Getting nothing assigned no matter what:

assigned removed
-------- -------
0 0

Parents
  • Just for completeness, which version are you using?

    I assume that UID_Org=82a38937-7ed6-4aea-9e77-59dbf432f8b1 and UID_ADSGroup=08fd7d42-4b93-4040-9271-fe04d52d26db then your call need to look like this.

    POST request to:
    
    AppServer/api/assignments/OrgHasADSGroup/UID_Org/82a38937-7ed6-4aea-9e77-59dbf432f8b1
    
    BODY contains:
    
    {"members": ["31d99791-d658-40d7-b5e5-58eecf998797"]}

    Note that the members property is lowercase.

  • Thank you Markus, I lowercased the members without luck.

    We are on version 8.0

    I grabbed the "Business Role" from "/api/entities/BaseTree": UID_Org=82a38937-7ed6-4aea-9e77-59dbf432f8b1

    I grabbed the "AD Group" from "api/entities/ADSGroup": UID_ADSGroup=08fd7d42-4b93-4040-9271-fe04d52d26db

    POST: AppServer/api/assignments/OrgHasADSGroup/UID_Org/82a38937-7ed6-4aea-9e77-59dbf432f8b1
    BODY: {"members": ["31d99791-d658-40d7-b5e5-58eecf998797"]}

    Just gives back: 

    assigned removed
    -------- -------
    0 0

    I can confirm the Role does not contain the AD group.

    Does this method work on your side?

  • First of all, I would check the log of the Application Server for any errors that might have happened.

    Secondly, are you sure that the UID_ORG = 82a38937-7ed6-4aea-9e77-59dbf432f8b1 is part of the Org view? I am asking because you are fetching this via the BaseTree table.

    And third, can you assign this AD Group to the same Org via the Object Browser using the same login credentials?

  • 1. No errors that I can see, are there API specific logs somewhere?

    2. I think this is the issue... what table should an Employee Type Business Role be pulled from in this case?

    3. Yes it can

  • Rest API logs are in the AppServer log as well. You can turn the log level to debug or trace, in either case, you will see more messages.

    And yes, it tried it with the API Documentation page which is doing pure REST API calls. I do not know which tool or language you are using to set the value but the body has to be defined as content-type application/json, just as a reminder.

  • Wow that was it, not explicitly adding the content type was the issue! Of course it is good practice but many APIs these days will simply default, interestingly I would have expected an error to be thrown rather than showing 0/0 assigned/removed.
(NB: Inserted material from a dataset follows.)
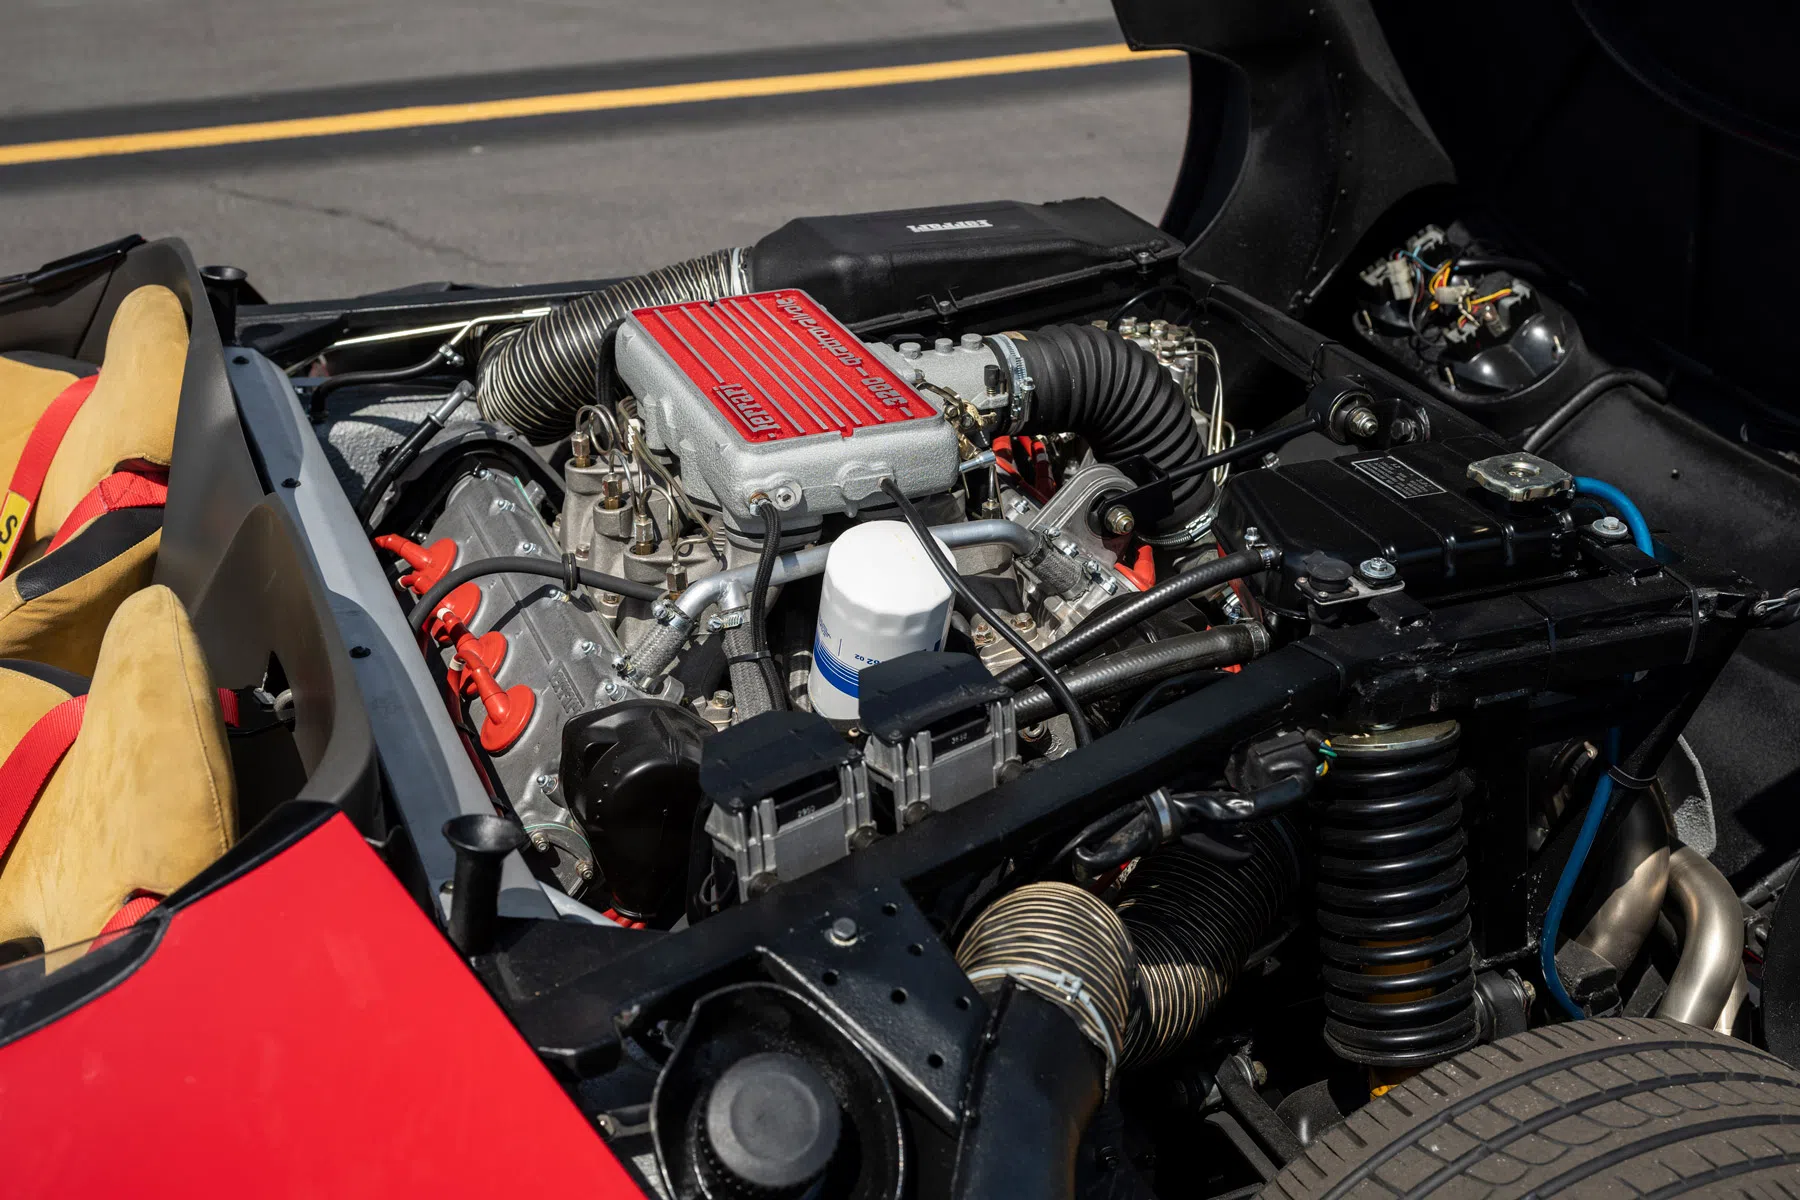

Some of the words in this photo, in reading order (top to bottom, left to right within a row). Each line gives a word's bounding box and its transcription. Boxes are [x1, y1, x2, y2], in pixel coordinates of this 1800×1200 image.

[776, 297, 862, 367] quattrovalvole
[713, 383, 781, 432] Ferrari
[861, 377, 908, 406] 3200
I feel kind of silly, sorry for the waste of time here, hopefully this helps someone else though :-/. On another note it seems that once a group is added and you try to add again an error is thrown... rather than simply showing that it was not action'ed... it seems the behaviors for missing content type and adding existing groups are opposite what would be expected.. IMHO ;-).
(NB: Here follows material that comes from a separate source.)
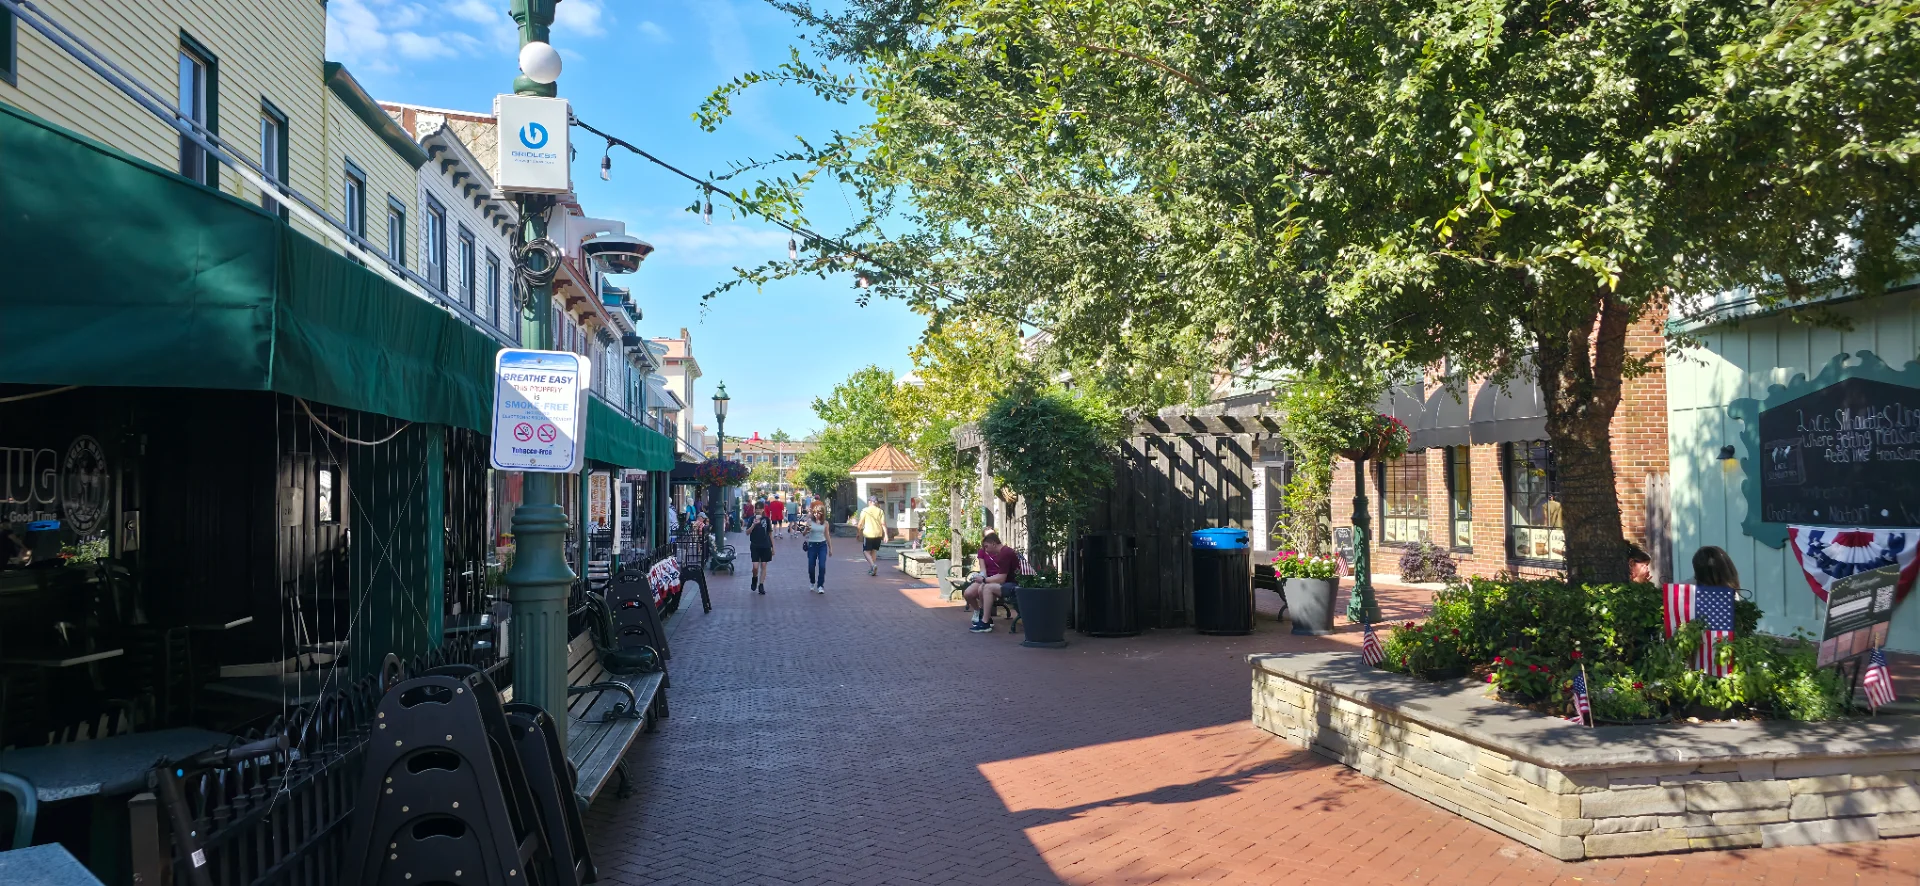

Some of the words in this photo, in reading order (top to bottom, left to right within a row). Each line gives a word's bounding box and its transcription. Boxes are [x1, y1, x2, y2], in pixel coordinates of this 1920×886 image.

  • Thanks for your suggestions. We are looking into these.

    Just as an explanation for the error thrown. Think about adding not just one but 10 memberships, in the case that one item would silently fail, the caller might want to know which one is failing to act accordingly.

    We are currently thinking about adding the option to let the API ignore these types of errors for adds and deletes and returning the list of tolerated members in an additional return property.

Reply
  • Thanks for your suggestions. We are looking into these.
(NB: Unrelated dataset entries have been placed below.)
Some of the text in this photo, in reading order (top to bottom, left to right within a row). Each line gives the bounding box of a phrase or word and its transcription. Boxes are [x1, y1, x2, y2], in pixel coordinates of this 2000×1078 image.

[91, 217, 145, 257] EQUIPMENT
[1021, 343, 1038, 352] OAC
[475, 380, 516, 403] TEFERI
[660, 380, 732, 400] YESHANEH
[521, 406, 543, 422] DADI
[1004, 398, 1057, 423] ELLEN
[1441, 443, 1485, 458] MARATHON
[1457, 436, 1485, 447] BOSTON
    Just as an explanation for the error thrown. Think about adding not just one but 10 memberships, in the case that one item would silently fail, the caller might want to know which one is failing to act accordingly.

    We are currently thinking about adding the option to let the API ignore these types of errors for adds and deletes and returning the list of tolerated members in an additional return property.

Children
  • Great to hear!

    In terms of multiple memberships the issue is still relatively the same, if the first member fails due to it already existing, the rest of the set fails. I agree if it failed to be added due to incompatibility (cross domain - non-universal group, or wrong guid, etc) 100% it should error. However, if it failed due to the member already existing it could fail silent and the assigned tally could be skipped for that group, and/or a third tally column (no_action) could be used.

    Of course this is not a pressing issue as one could simply check the mappings in (OrgHasADSGroup) and remove any in the set that exist.... as I am now doing :-).

  • We have created backlog entry VPR#32930 for this enhancement. Thank you.